Hazel Beck Andre died in 1956 from cancer when she was 42 years old, a few weeks after writing "My Last Wonderful Days". In the article, Andre wrote that the "hardest part" of dying was leaving her family and that she later had "no regret" due to her life being "rich and full". Andre wrote of things that she would do if she lived her life over again including "savoring" the beauty of "sunrises, the patina of an old brass coffee pot, and the delighted look on a tiny girl's face when she pets a kitty for the first time". Andre received the book A Diary of Private Prayer by John Baillie from her minister. She read a prayer in the book which helped her overcome the main concern of leaving her family.

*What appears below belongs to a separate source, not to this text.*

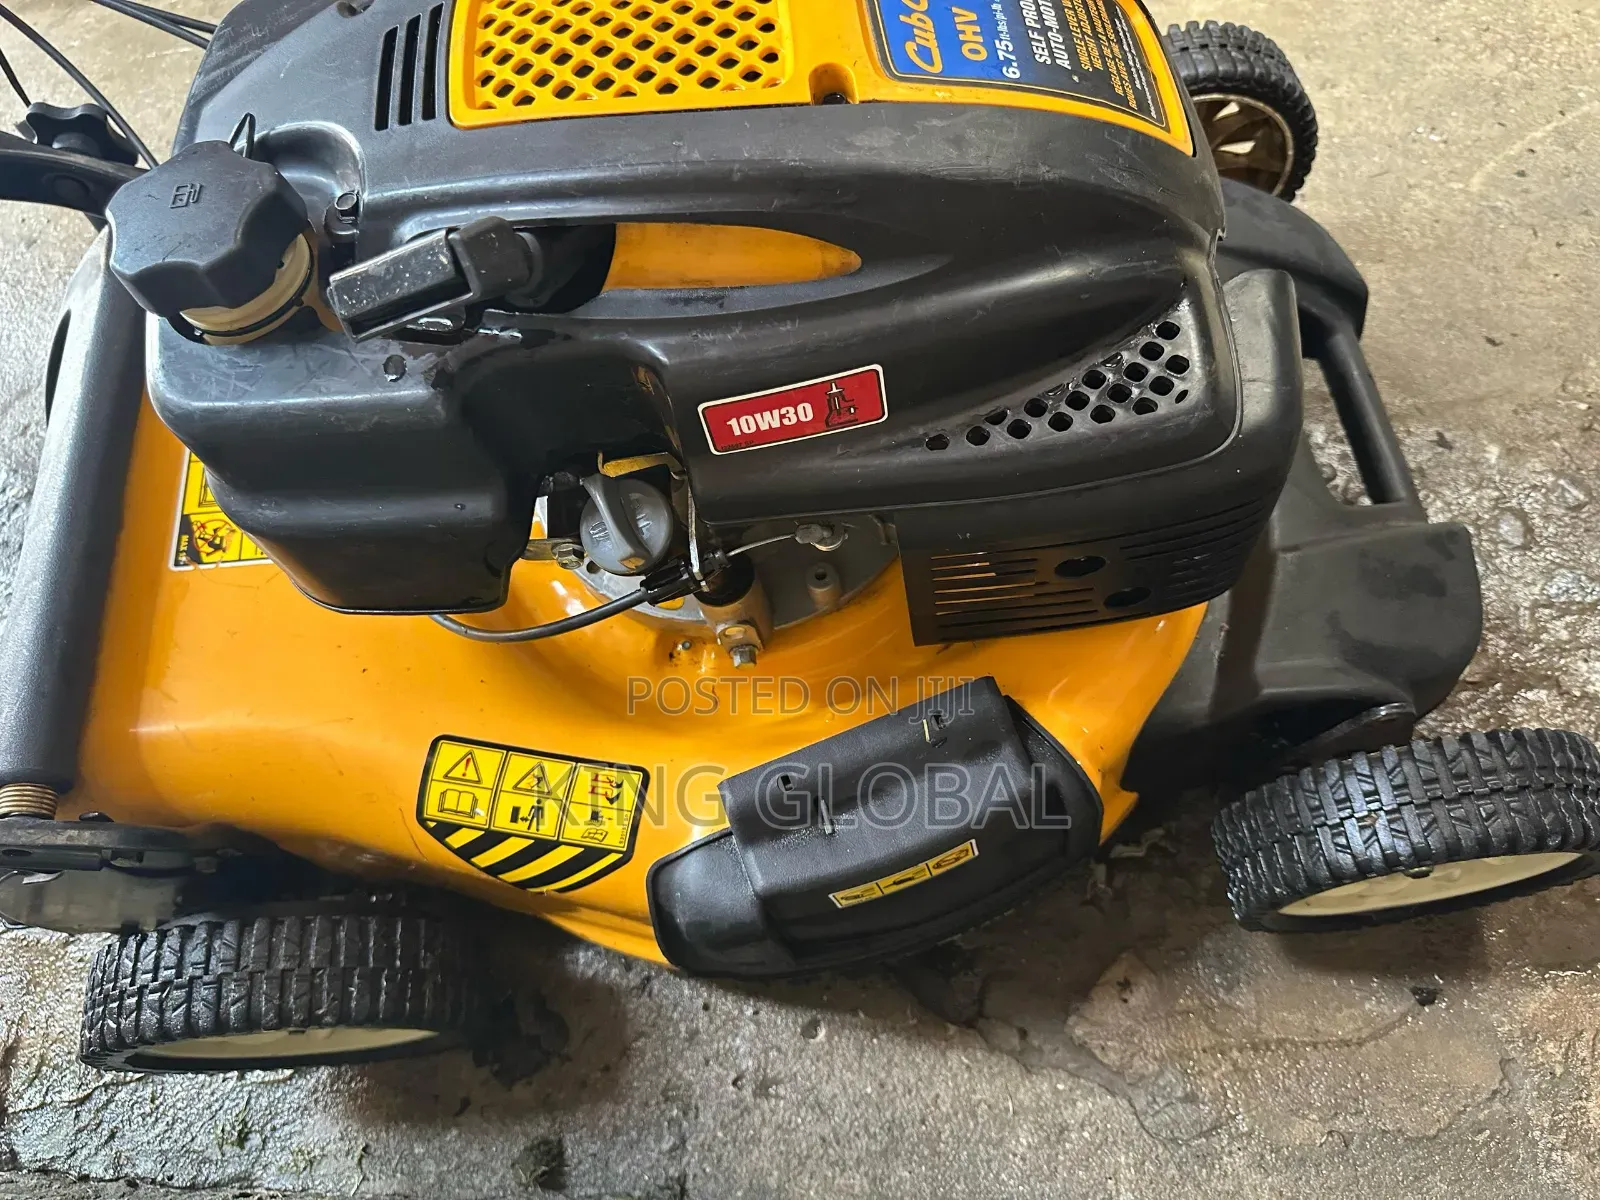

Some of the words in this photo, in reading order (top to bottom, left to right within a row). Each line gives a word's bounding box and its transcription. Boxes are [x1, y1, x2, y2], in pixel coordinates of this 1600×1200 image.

She prepared for her death with her husband, the Iowa State University Dean of Agriculture Floyd Andre, and their three children.

== Impact ==

The January 1960 issue of Relief Society Magazine, a publication of the Church of Jesus Christ of Latter-day Saints, wrote that the article "provides guidance and inspiration not only for those who anticipate death, but for anyone who wishes to live creatively throughout life, realizing that death will ultimately come to him." Helen A. Hayes of Adams County Free Press said that "My Last Wonderful Days" "is an article not soon forgotten".

The Hazel Beck Andre Journalism Scholarship at Iowa State University is awarded to junior college students who major in Journalism and Mass Communication. The scholarship was started in 1956 through purchases of the article.